● **Your goal**
From the line containing "this 1856×1856 image." to the last line of the records below, retype every line exactly and output nothing else.

● **Source material**
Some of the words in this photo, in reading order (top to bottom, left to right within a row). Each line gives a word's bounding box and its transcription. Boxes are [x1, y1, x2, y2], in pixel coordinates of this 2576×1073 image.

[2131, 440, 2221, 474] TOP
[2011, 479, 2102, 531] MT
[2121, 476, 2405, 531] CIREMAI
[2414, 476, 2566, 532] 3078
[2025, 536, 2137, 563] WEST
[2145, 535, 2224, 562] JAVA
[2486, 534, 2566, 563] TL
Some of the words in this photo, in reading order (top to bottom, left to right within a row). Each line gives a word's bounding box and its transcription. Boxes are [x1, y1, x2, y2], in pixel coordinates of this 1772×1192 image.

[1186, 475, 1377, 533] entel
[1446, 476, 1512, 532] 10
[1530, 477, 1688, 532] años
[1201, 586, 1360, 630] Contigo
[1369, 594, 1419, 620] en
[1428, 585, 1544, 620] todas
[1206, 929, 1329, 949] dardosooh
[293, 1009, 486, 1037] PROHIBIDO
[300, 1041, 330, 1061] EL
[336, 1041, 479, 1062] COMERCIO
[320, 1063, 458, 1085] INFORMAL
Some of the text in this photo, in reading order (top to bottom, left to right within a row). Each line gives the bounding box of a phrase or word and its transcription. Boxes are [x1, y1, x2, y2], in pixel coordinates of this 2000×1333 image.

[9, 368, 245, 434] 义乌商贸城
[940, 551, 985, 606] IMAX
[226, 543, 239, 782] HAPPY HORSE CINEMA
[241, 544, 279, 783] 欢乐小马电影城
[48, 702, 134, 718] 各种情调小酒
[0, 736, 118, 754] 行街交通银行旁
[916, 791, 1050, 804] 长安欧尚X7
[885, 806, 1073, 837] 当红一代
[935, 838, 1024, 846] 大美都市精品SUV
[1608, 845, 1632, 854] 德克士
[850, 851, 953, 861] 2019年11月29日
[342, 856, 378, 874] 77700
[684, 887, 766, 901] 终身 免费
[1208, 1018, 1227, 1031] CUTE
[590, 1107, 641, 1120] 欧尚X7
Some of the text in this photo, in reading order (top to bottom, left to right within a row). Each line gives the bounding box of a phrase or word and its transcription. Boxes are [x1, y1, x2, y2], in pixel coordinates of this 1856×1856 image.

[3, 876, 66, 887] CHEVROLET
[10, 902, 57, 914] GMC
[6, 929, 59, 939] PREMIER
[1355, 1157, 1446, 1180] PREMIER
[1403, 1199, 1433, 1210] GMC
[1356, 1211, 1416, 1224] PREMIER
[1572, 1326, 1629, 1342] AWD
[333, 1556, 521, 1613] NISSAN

● **Answer for this exercise**
Some of the text in this photo, in reading order (top to bottom, left to right within a row). Each line gives the bounding box of a phrase or word and its transcription. Boxes are [x1, y1, x2, y2], in pixel coordinates of this 1856×1856 image.

[3, 876, 66, 887] CHEVROLET
[10, 902, 57, 914] GMC
[6, 929, 59, 939] PREMIER
[1355, 1157, 1446, 1180] PREMIER
[1403, 1199, 1433, 1210] GMC
[1356, 1211, 1416, 1224] PREMIER
[1572, 1326, 1629, 1342] AWD
[333, 1556, 521, 1613] NISSAN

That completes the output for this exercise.